Records from a dataset

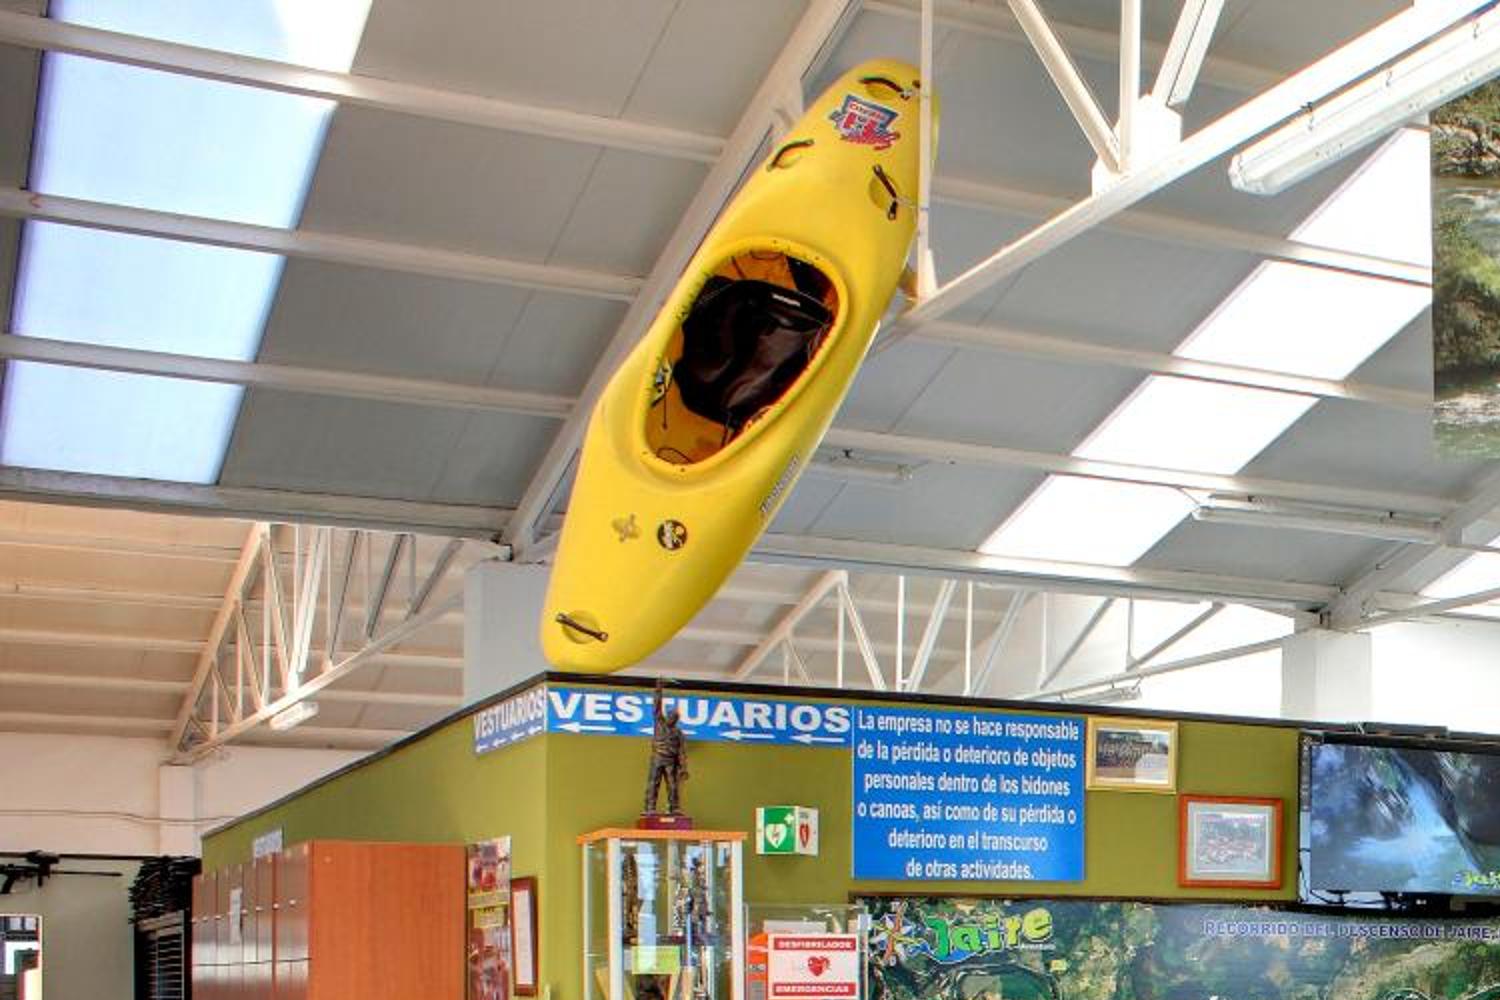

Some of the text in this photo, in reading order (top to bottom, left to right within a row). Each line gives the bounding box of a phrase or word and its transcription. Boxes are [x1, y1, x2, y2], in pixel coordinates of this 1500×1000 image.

[474, 688, 544, 740] VESTUARIOS
[858, 710, 1079, 745] La empresa no se hace responsable
[857, 740, 1077, 772] de la pérdida o deterioro de objetos
[864, 772, 1071, 796] personales dentro de los bidones
[857, 800, 1077, 826] o canoas, así como de su pérdida o
[888, 828, 1048, 852] deterioro en el transcurso
[906, 858, 1035, 880] de otras actividades.
[926, 907, 1054, 961] Jaire
[1203, 919, 1299, 938] RECORRIDO
[1302, 921, 1335, 938] DEL
[1340, 922, 1422, 939] DESCENSO
[774, 984, 850, 993] EMERGENCIAS
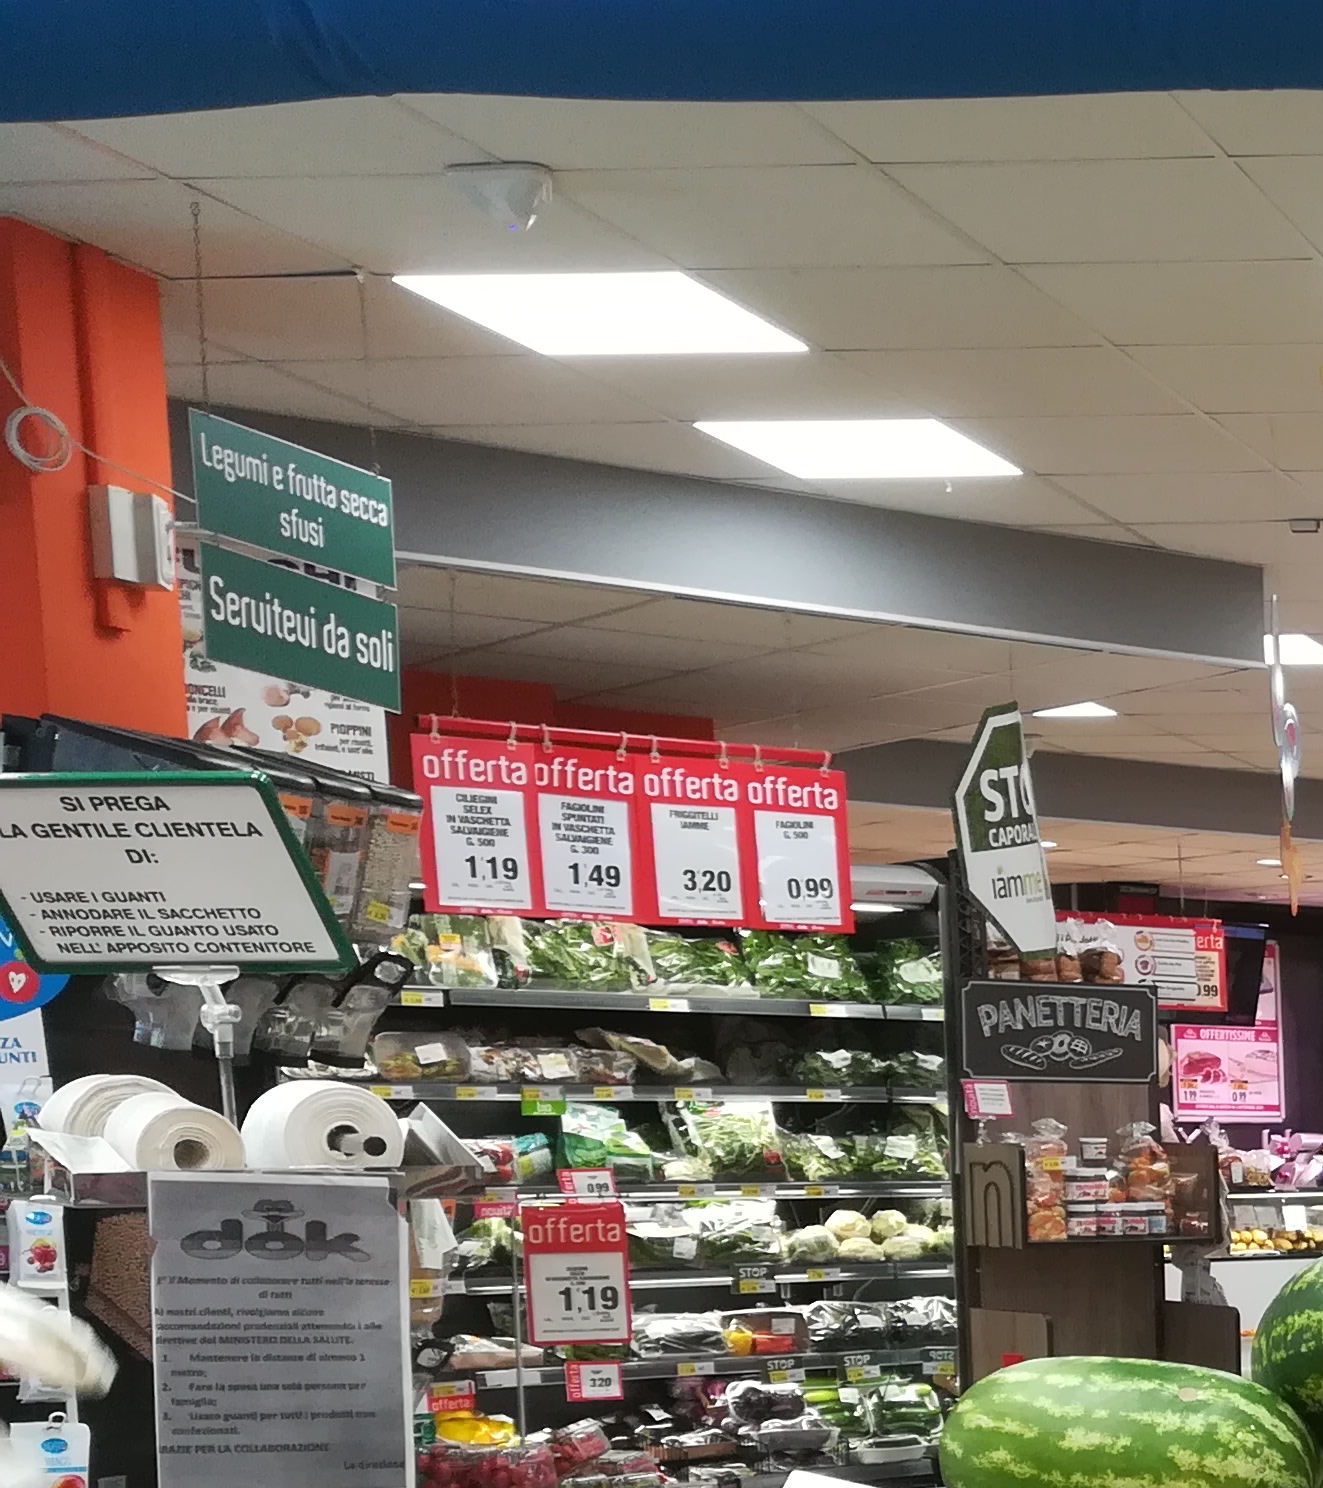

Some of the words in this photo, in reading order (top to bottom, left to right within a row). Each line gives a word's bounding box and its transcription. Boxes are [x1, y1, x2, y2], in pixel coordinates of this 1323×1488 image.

[201, 432, 268, 482] Legumi
[272, 465, 284, 490] e
[288, 463, 336, 509] frutta
[340, 490, 388, 527] secca
[280, 508, 324, 548] sfusi
[323, 613, 350, 658] da
[356, 630, 393, 672] soli
[422, 749, 528, 786] offerta
[534, 757, 635, 795] offerta
[644, 768, 739, 802] offerta
[747, 776, 839, 810] offerta
[60, 795, 85, 812] SI
[91, 795, 171, 812] PREGA
[0, 822, 28, 838] LA
[31, 822, 130, 838] GENTILE
[135, 821, 263, 838] CLIENTELA
[458, 815, 511, 826] VASCHETTA
[125, 848, 159, 864] DI:
[465, 855, 518, 881] 1,19
[568, 862, 621, 887] 1,49
[682, 869, 732, 894] 3,20
[30, 891, 88, 904] USARE
[101, 890, 167, 903] GUANTI
[787, 877, 834, 903] 0,99
[41, 908, 136, 920] ANNODARE
[138, 908, 156, 920] IL
[158, 907, 262, 920] SACCHETTO
[49, 925, 125, 937] RIPORRE
[128, 925, 144, 937] IL
[148, 925, 219, 937] GUANTO
[225, 924, 279, 937] USATO
[106, 941, 194, 954] APPOSITO
[197, 941, 316, 954] CONTENITORE
[977, 995, 1142, 1042] PANETTERIA
[1199, 1028, 1256, 1042] OFFERTISSIME
[528, 1217, 622, 1244] offerta
[738, 1267, 768, 1278] STOP
[558, 1285, 620, 1314] 1,19
[766, 1359, 795, 1370] STOP
[844, 1355, 871, 1366] STOP
[432, 1399, 469, 1411] offerta
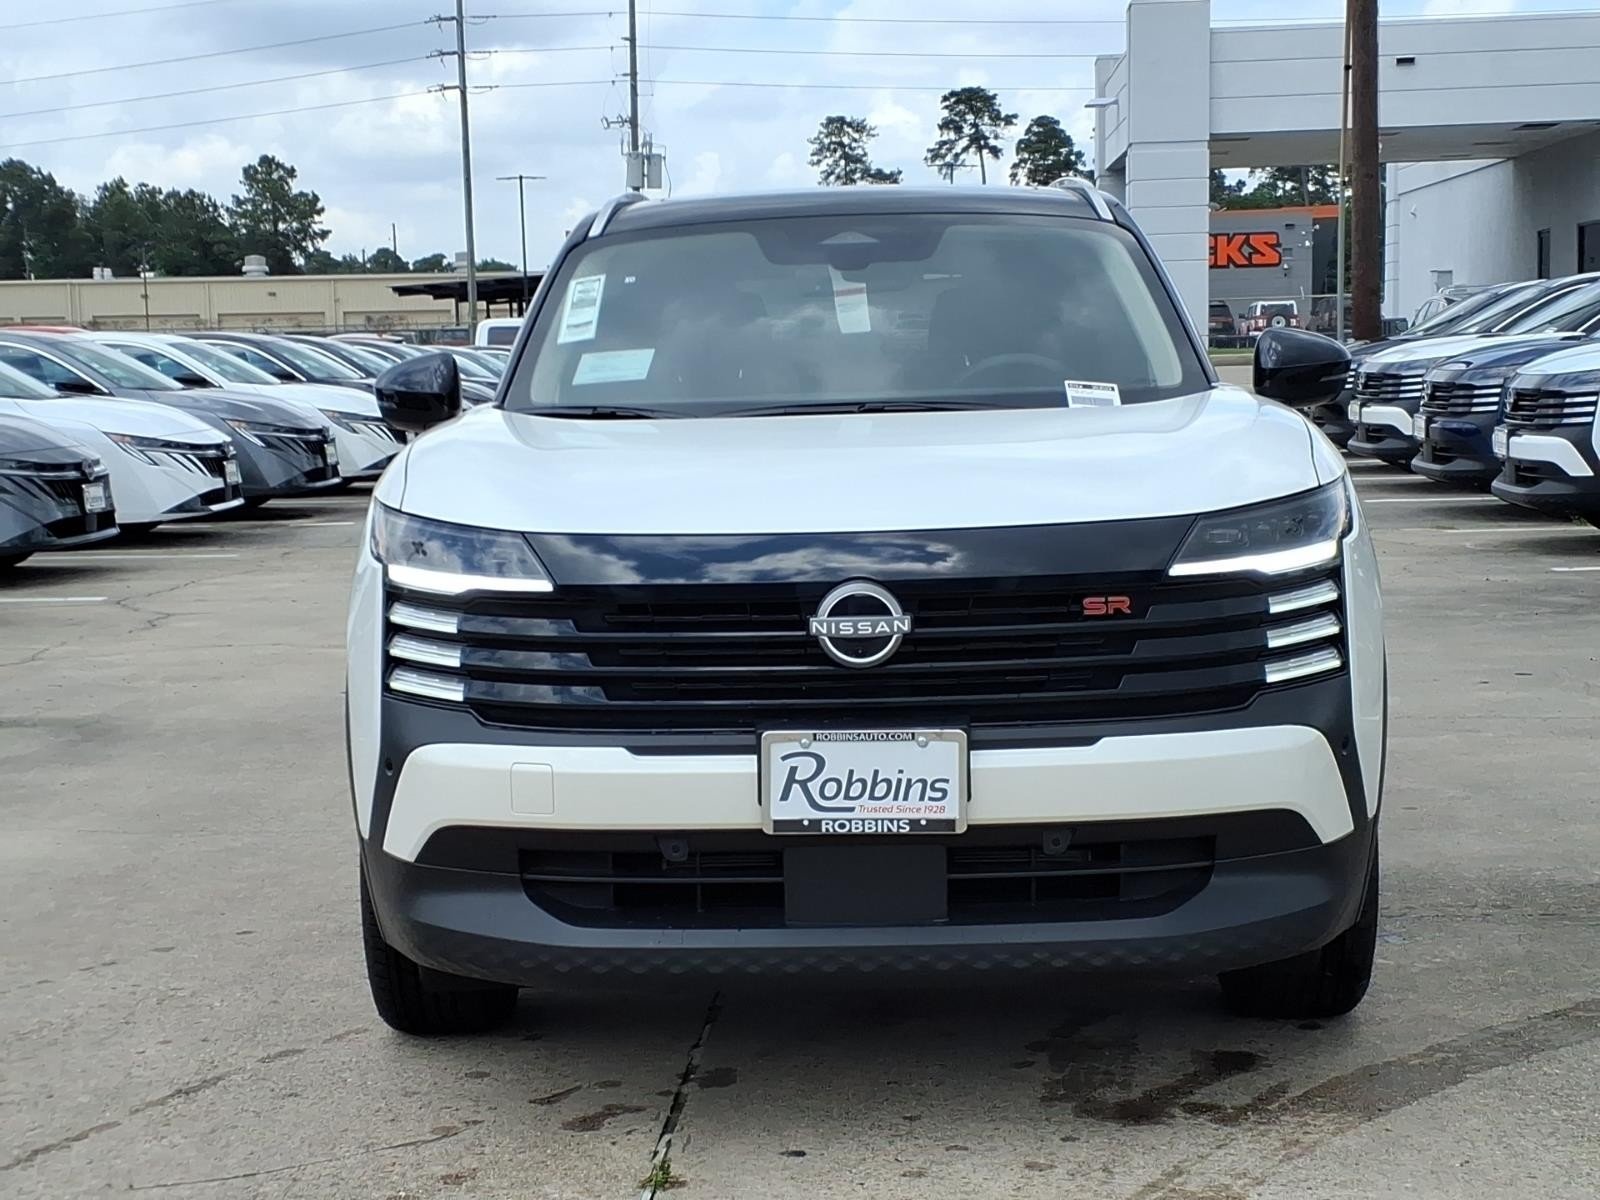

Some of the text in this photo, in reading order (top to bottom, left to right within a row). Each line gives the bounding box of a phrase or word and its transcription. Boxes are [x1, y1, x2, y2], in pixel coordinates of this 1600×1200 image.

[1209, 234, 1280, 265] KS
[1083, 596, 1131, 615] SR
[812, 619, 909, 635] NISSAN
[816, 732, 912, 741] ROBBINSAUTO.COM
[779, 751, 950, 812] Robbins
[859, 804, 946, 814] Trusted Since 1928
[821, 820, 911, 832] ROBBINS

> [WHAT YOU SHOULD DO] Reproduce each line of the entries above from the one containing "this 1600×1200 image." through the last, exactly, and no other line.

> [ANSWER SPACE]
Some of the text in this photo, in reading order (top to bottom, left to right within a row). Each line gives the bounding box of a phrase or word and its transcription. Boxes are [x1, y1, x2, y2], in pixel coordinates of this 1600×1200 image.

[1209, 234, 1280, 265] KS
[1083, 596, 1131, 615] SR
[812, 619, 909, 635] NISSAN
[816, 732, 912, 741] ROBBINSAUTO.COM
[779, 751, 950, 812] Robbins
[859, 804, 946, 814] Trusted Since 1928
[821, 820, 911, 832] ROBBINS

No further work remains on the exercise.